I’m not against paying football coaches for more hours but this justification is ridiculous.
“And the return on the investment of football coaches is well worth it,” Neeley said. “I know Coach Aymond doesn’t make enough for what he does. Just look at how many scholarships he’s gotten kids over the years.”North Shore has had 36 players earn Division I-A college football scholarships this decade. Texas sends hundreds of football players to top programs across the country every year.
So four kids a year get a scholarship from football? How does that compare with the AP Calculus teacher? I suspect with the amount of money spent on football, it would be cheaper for the school just to fund four scholarships a year and do away with the program.
But wait, football coaches do more than that.
“I believe a coach has two tasks,” he said. “One is a minor one, and that is really teaching techniques of the game and skills of the game. The major task is the intangibles that coaches bring to the table. Good coaches teach leadership skills and sacrifice and dedication and unselfishness.”
If football is really about developing the leadership skills, etc. of the students, then why isn’t available to all students? Rather than schools play each other, why don’t high schools form intramural teams within the schools to play each other?

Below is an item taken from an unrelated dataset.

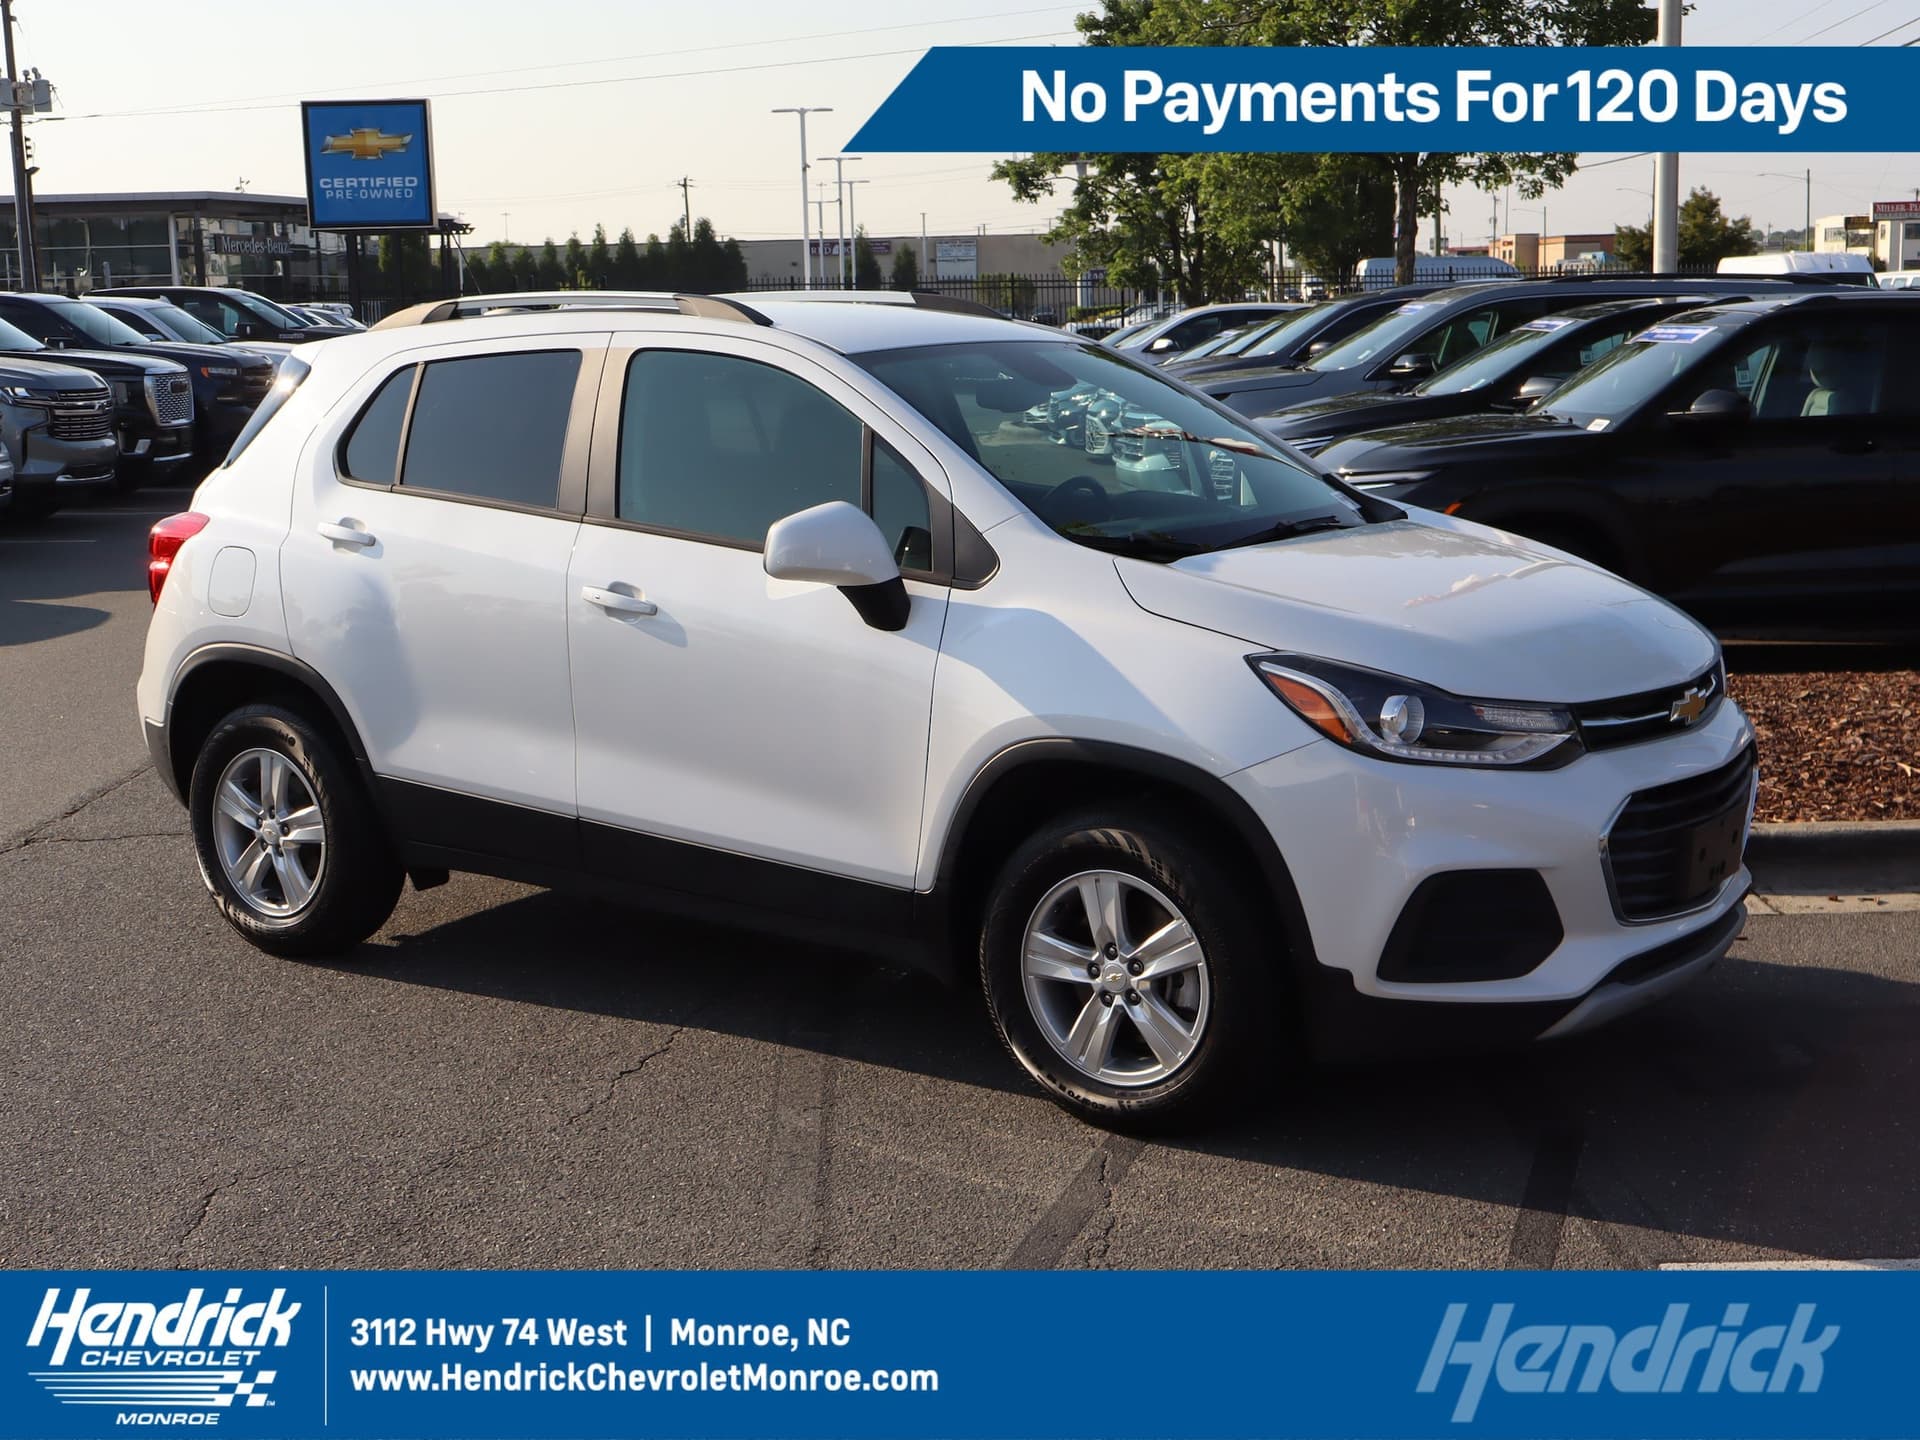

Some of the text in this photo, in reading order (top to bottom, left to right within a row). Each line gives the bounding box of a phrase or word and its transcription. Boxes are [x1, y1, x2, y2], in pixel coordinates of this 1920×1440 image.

Granted, not everyone can or wants to play football just as not everyone who wants to take AP Calculus can because of the lack of skills or desire. However, why doesn’t someone do a return on investment of equipment, facilities, instructors for football compared to the AP classes? Which do you think would be serving the bigger population of students? Oh, but then you can’t cheer for your team during an AP exam.
I know a high school algebra teacher who initially thought that football coaches must be talented in motivating their kids to practice and keep up their gpa. She thought that she could learn something from them to help her unmotivated students. After talking to some of the football players and observing a practice, she realized it had nothing to do with the coaches ability. If the kids didn’t want to practice, they were simply cut from the team. She didn’t have that option.
A local Little League baseball team was doing extremely well and was one round away from going to the world championship. This happens in August. One of the starting pitchers was told by the football coach that he wouldn’t be playing quarterback and could expect to sit the bench if the kid missed a practice to pitch in the next game. He was the next pitcher in the rotation but decided to stay in town so that he wouldn’t loose his starting job in football. I don’t know how the football team did but the baseball team lost the game.
Another middle-school kid has been told he’ll sit the bench if he takes time off to rehab his knee which he strained outside of school. The doctor would like to remove some of the fluid on his knee and see if anything else is damaged. The decision is ultimately the parents but it’s nice to see the coaching staff so supportive.
Don’t get me wrong. There are some excellent football coaches out there who develop their team members as well rounded individuals and they do put in a lot of hours. But lets not pretend that this isn’t about cheering on a winning football team.